“Betsy, you’re like a cracked pot, and if you don’t take care of the cracks, everything inside of you is going to come spilling out onto the people around you!”
With those words, I was being admonished by a woman—a pastor, in fact—for my apparent vulnerabilities just after having opened my eyes to the deepest betrayal I’ve ever experienced. My heart was torn wide open and ripped apart, my spirit was crushed, and I was being told to pick it all up and stuff it back down into the urn of my soul. The nerve of me—I was making a mess!

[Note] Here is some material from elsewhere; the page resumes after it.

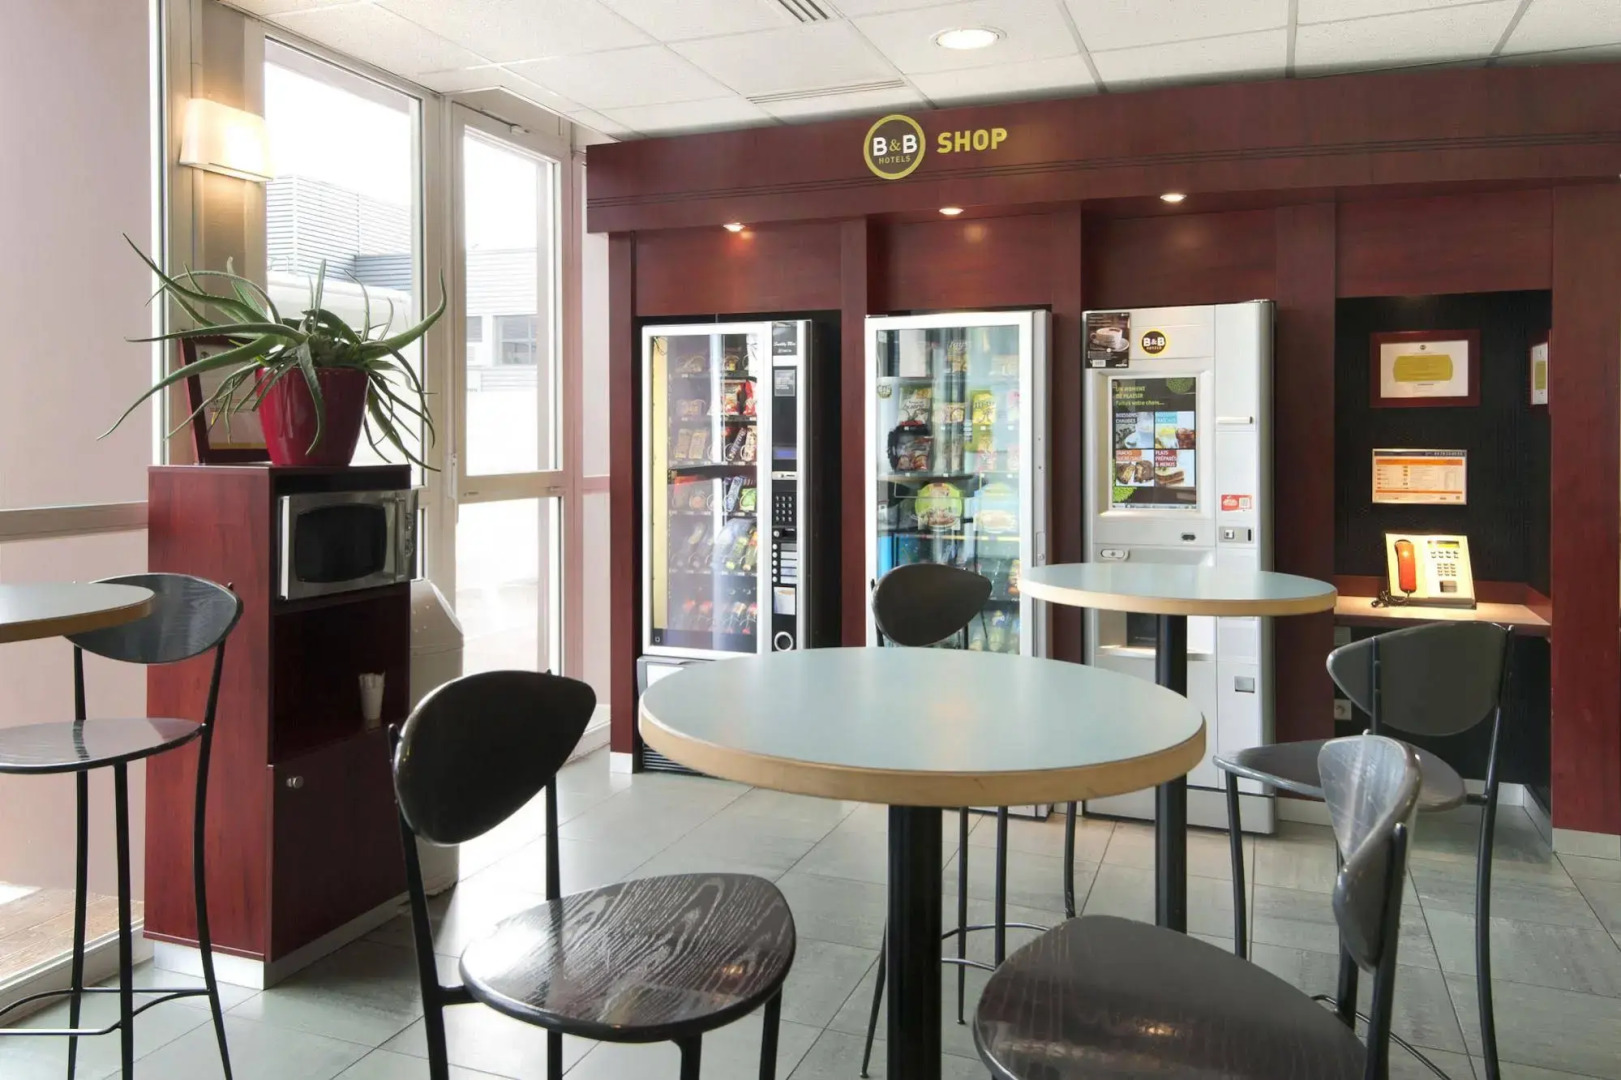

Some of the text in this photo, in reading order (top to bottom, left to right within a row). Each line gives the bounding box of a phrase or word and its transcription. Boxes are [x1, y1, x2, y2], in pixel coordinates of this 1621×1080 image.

[872, 134, 918, 157] B&B
[936, 127, 1008, 154] SHOP
[878, 154, 911, 165] HOTELS
[1143, 336, 1166, 347] B&B

Guilt set in immediately. Someone had noticed. I was flawed. I was weak. And this woman was right: Not only was I a cracked pot, I had flat out shattered. There I was, a person who had made a career out of “holding it all together,” now in pieces on the floor. So now, not only was I fielding the pain of betrayal and grief, I was also ridden with disappointment in myself.
The Lord brought that day from years ago to my mind recently as I was praying, and I got to thinking about why it is that we’re so afraid to be broken and petrified of being flawed. Why is it that often it is felt so true that we should not be exposing our weakness, our fragility, to anyone? What are we afraid might come “spilling out?” I think we fear sometimes that the things that eat away at our hearts—fear, loneliness, unmet expectations, disappointments in ourselves and others—will be exposed. In shame, we keep them sealed away for no one to see, and quickly mend any cracks in the vessel of our soul. We become tightly sealed jars.
But I don’t think that’s how God meant for us to live. We all have cracks. We all have moments of weakness, hurts, and flaws. I realize every day just how cracked truly I am. But I have come to realize that my fractures as a person create a space for the love and grace of God to seep out of me and into the lives of others. I am a broken vessel—with weakness, vulnerability, and faults—but that brokenness creates a tiny crevice through which the Holy Spirit can operate. It is only then that Christ is powerfully revealed as a "treasure in jars of clay" (2 Corinthians 4).
Outwardly, I am nothing, but it is God who is at work inside of me… and it is Christ that I want others to see—not a flawless cistern.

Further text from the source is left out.